Currently, however, the climate in southwest Missouri is "very pro-criminal," he says.

This summer of protests, William O. Wagstaff III, a New York civil rights attorney, says he routinely brings together groups of people from diverse demographic backgrounds to respond to the facts of specific cases. He says he doesn't want to make "outdated assumptions" about it.

"I've noticed a shift in perspective from people I previously viewed as liberal and sympathetic to issues of racial inequality in policing," says Wagstaff, "because they believe the call for accountability has gone too far."

In order for families of those killed by the police to file lawsuits, they must first believe that they can fight the town hall and find a lawyer who will agree. And when local politics comes through, families may be deterred from filing a lawsuit in the first place. In fact, about half of the deaths reviewed by NPR did not result in a lawsuit.
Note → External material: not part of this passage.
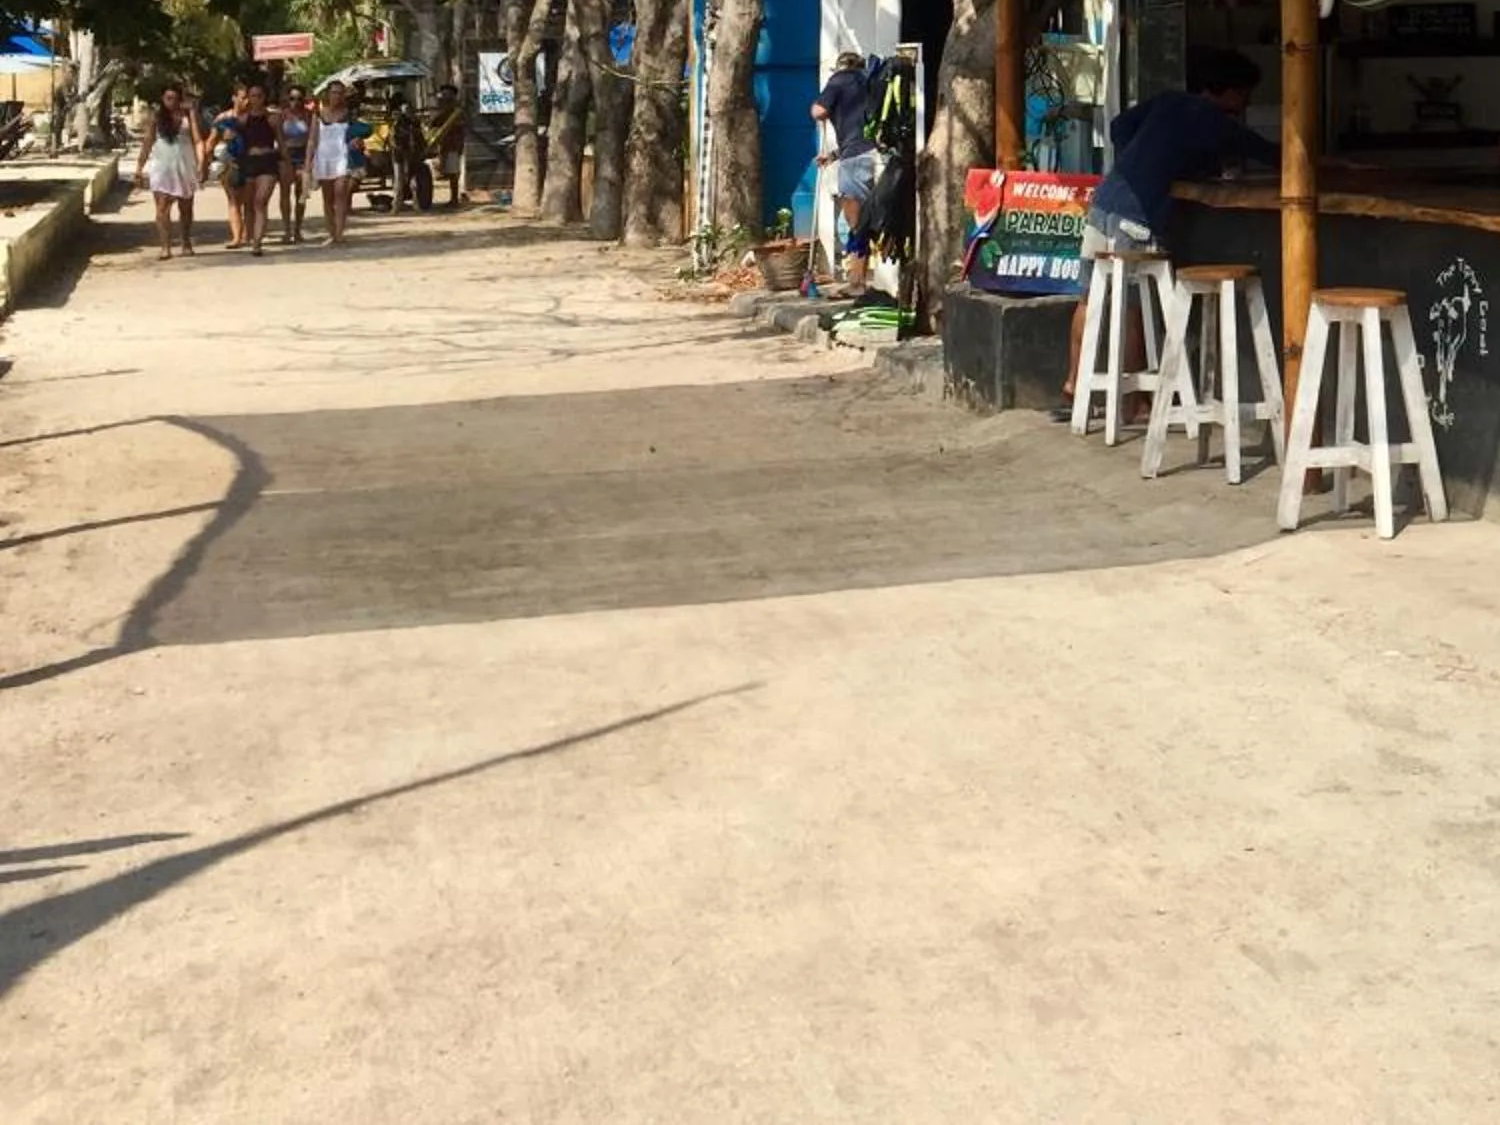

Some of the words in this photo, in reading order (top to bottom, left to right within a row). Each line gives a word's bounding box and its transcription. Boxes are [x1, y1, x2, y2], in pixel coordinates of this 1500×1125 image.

To Sherene Mayner, the city of Paris, Texas, where her son Garrett McKinney was killed by police in 2015, appeared to be policing and wary of outsiders – as some there called their son after his death.

Mayner, who works as a realtor in Austin, says her son suffered from schizophrenia and physically assaulted the officer after Tased. She says the small-town climate in Paris prevented her from asking questions about Garrett's death.

She fights tears as she recounts that months later the Texas Department of Public Safety and Security awarded the Highway Patrol officer who shot Garrett to death a purple heart in connection with the shooting. “He just shot my son and no one called me to say, 'I'm sorry,'” she says, recalling seeing a photo of Officer Timothy Keele on the his award is on display.

"That always bothered me," she says, "he got that award, and he smiles and grins when he gets that award, and I say," Oh, you have to kid me. "" "

So far, Mayner has not filed a lawsuit in the shooting.